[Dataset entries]

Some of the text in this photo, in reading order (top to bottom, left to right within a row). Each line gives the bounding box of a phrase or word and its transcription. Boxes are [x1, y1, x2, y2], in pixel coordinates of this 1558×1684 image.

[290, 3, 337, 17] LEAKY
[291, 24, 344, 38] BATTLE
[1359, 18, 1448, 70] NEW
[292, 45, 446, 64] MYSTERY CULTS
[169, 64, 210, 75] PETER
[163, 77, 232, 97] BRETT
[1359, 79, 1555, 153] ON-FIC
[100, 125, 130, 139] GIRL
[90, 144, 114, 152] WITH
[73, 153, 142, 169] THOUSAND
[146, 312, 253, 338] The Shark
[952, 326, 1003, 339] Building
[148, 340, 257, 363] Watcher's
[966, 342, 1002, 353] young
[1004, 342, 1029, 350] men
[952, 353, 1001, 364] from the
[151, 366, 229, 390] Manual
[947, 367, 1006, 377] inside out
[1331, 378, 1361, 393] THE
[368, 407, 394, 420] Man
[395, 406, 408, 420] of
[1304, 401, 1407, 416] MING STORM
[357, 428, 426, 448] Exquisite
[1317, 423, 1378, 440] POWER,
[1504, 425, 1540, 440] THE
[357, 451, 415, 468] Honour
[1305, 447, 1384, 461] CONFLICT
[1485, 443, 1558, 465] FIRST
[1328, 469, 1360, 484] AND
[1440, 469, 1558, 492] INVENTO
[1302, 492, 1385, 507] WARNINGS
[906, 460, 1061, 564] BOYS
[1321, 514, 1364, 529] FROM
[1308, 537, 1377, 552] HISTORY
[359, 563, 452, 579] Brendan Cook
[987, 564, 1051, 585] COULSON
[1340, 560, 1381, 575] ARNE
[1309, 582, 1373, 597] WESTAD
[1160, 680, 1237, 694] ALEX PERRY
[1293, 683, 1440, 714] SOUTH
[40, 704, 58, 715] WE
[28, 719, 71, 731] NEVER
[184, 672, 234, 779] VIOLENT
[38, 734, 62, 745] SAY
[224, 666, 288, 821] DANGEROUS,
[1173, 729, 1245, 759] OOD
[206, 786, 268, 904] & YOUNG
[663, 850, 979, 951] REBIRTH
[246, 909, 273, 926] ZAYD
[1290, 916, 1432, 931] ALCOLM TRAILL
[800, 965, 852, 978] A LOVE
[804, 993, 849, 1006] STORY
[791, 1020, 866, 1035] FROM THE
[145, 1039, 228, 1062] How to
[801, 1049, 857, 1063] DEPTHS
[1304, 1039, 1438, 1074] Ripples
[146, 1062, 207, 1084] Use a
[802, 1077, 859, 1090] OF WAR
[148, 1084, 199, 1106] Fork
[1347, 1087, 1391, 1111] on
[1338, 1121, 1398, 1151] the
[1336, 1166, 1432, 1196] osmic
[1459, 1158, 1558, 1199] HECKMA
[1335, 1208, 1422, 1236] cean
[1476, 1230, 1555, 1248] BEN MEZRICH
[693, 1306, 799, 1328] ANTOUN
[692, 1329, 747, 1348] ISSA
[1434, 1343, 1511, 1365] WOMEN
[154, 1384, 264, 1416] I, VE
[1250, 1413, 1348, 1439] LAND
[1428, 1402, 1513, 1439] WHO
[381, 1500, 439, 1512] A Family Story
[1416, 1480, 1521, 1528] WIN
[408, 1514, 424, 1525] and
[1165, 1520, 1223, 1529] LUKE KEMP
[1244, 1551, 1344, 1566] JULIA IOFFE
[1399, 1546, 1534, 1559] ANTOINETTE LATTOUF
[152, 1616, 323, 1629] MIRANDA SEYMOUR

**DESCRIPTION OF THE TASK**
Retype the entries above exactly as they appear.

**SOLUTION TO THE PROBLEM**
Some of the text in this photo, in reading order (top to bottom, left to right within a row). Each line gives the bounding box of a phrase or word and its transcription. Boxes are [x1, y1, x2, y2], in pixel coordinates of this 1558×1684 image.

[290, 3, 337, 17] LEAKY
[291, 24, 344, 38] BATTLE
[1359, 18, 1448, 70] NEW
[292, 45, 446, 64] MYSTERY CULTS
[169, 64, 210, 75] PETER
[163, 77, 232, 97] BRETT
[1359, 79, 1555, 153] ON-FIC
[100, 125, 130, 139] GIRL
[90, 144, 114, 152] WITH
[73, 153, 142, 169] THOUSAND
[146, 312, 253, 338] The Shark
[952, 326, 1003, 339] Building
[148, 340, 257, 363] Watcher's
[966, 342, 1002, 353] young
[1004, 342, 1029, 350] men
[952, 353, 1001, 364] from the
[151, 366, 229, 390] Manual
[947, 367, 1006, 377] inside out
[1331, 378, 1361, 393] THE
[368, 407, 394, 420] Man
[395, 406, 408, 420] of
[1304, 401, 1407, 416] MING STORM
[357, 428, 426, 448] Exquisite
[1317, 423, 1378, 440] POWER,
[1504, 425, 1540, 440] THE
[357, 451, 415, 468] Honour
[1305, 447, 1384, 461] CONFLICT
[1485, 443, 1558, 465] FIRST
[1328, 469, 1360, 484] AND
[1440, 469, 1558, 492] INVENTO
[1302, 492, 1385, 507] WARNINGS
[906, 460, 1061, 564] BOYS
[1321, 514, 1364, 529] FROM
[1308, 537, 1377, 552] HISTORY
[359, 563, 452, 579] Brendan Cook
[987, 564, 1051, 585] COULSON
[1340, 560, 1381, 575] ARNE
[1309, 582, 1373, 597] WESTAD
[1160, 680, 1237, 694] ALEX PERRY
[1293, 683, 1440, 714] SOUTH
[40, 704, 58, 715] WE
[28, 719, 71, 731] NEVER
[184, 672, 234, 779] VIOLENT
[38, 734, 62, 745] SAY
[224, 666, 288, 821] DANGEROUS,
[1173, 729, 1245, 759] OOD
[206, 786, 268, 904] & YOUNG
[663, 850, 979, 951] REBIRTH
[246, 909, 273, 926] ZAYD
[1290, 916, 1432, 931] ALCOLM TRAILL
[800, 965, 852, 978] A LOVE
[804, 993, 849, 1006] STORY
[791, 1020, 866, 1035] FROM THE
[145, 1039, 228, 1062] How to
[801, 1049, 857, 1063] DEPTHS
[1304, 1039, 1438, 1074] Ripples
[146, 1062, 207, 1084] Use a
[802, 1077, 859, 1090] OF WAR
[148, 1084, 199, 1106] Fork
[1347, 1087, 1391, 1111] on
[1338, 1121, 1398, 1151] the
[1336, 1166, 1432, 1196] osmic
[1459, 1158, 1558, 1199] HECKMA
[1335, 1208, 1422, 1236] cean
[1476, 1230, 1555, 1248] BEN MEZRICH
[693, 1306, 799, 1328] ANTOUN
[692, 1329, 747, 1348] ISSA
[1434, 1343, 1511, 1365] WOMEN
[154, 1384, 264, 1416] I, VE
[1250, 1413, 1348, 1439] LAND
[1428, 1402, 1513, 1439] WHO
[381, 1500, 439, 1512] A Family Story
[1416, 1480, 1521, 1528] WIN
[408, 1514, 424, 1525] and
[1165, 1520, 1223, 1529] LUKE KEMP
[1244, 1551, 1344, 1566] JULIA IOFFE
[1399, 1546, 1534, 1559] ANTOINETTE LATTOUF
[152, 1616, 323, 1629] MIRANDA SEYMOUR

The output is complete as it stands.